Art and Culture in Georgian Bath 1714-1830
Leisure: Shopping & Fashion
Often blessed with a surfeit of time and money, visitors to Bath looked for diversion and entertainment. For enterprising retailers, keen to capitalize on the latest fashions and consumer goods that would appeal to an increasingly emulative and consumerist society, they provided an important market. Shops and services sprang up. Renting lodgings, linens, furniture, musical instruments and other household goods, or hiring servants, was simplified. Teachers of riding, dancing, drawing, speaking, singing, and playing musical instruments abounded. Coffeehouses, booksellers and circulating libraries emerged. Haberdashers, tailors and milliners advertised the Season’s most sought-after fashions, fabrics and accessories, and the know-how to make them. Toy shops, selling luxury goods, mementos and trinkets, flourished.

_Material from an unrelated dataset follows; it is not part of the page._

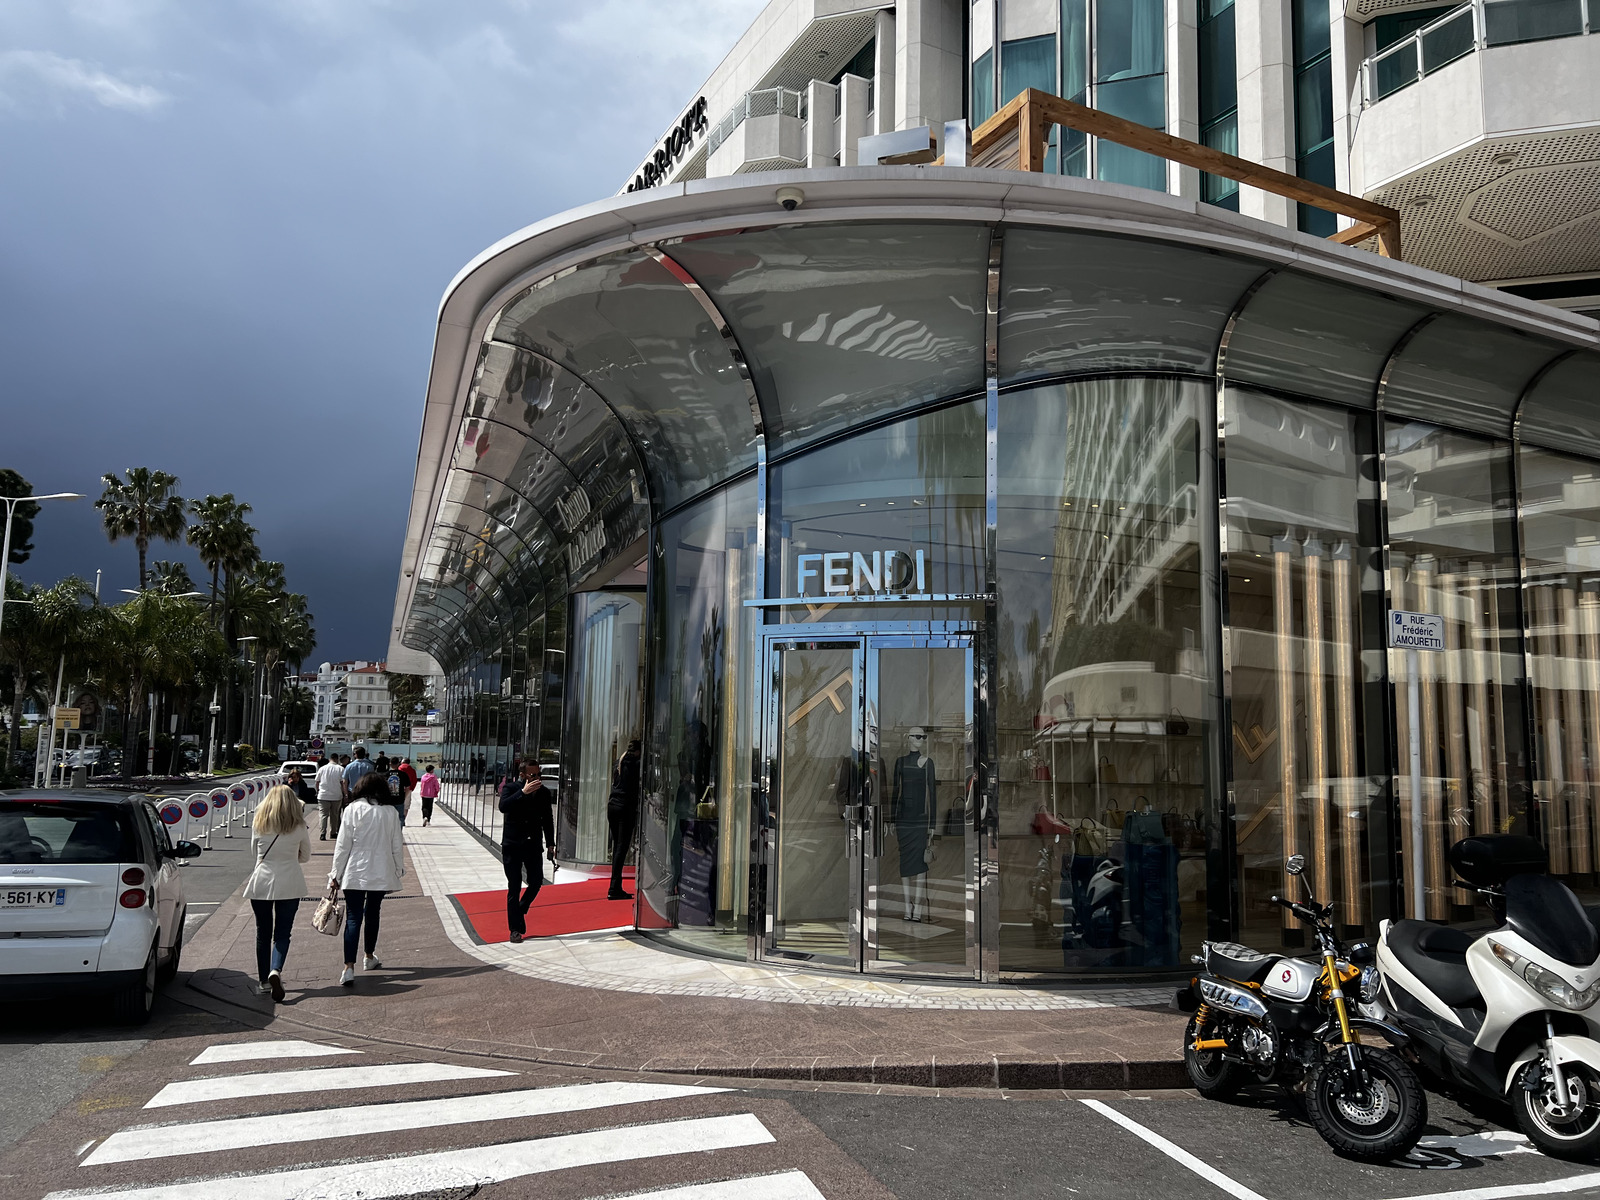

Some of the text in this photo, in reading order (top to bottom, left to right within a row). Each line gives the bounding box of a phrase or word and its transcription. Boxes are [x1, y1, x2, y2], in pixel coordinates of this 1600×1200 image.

Visitors looking for something to remind them of their stay in Bath could purchase prints, often by artists such as Jean-Claude Nattes, hand-painted fans from Thomas Loggan, or any number of small, transportable objects. For those with more time and money, there were excellent artists, including William Hoare, Thomas Gainsborough, and Thomas Barker. Sitting for a miniature or a portrait while at Bath was a common occurrence. As Bath grew outside of the old city walls and the élite increasingly congregated in the new Upper Town, with the development of the Circus, the Royal Crescent, and Lansdown, the most exclusive shopping tended to move from up from the Abbey Churchyard, North Parade and Orange Grove to Milsom Street. Developed in the 1760s to link the two halves of the city, by the 1780s Milsom Street had become the premier shopping street of Bath. For eighteenth-century women, in particular, Bath, with its nicely paved streets and its variety of shops, was a shopping delight.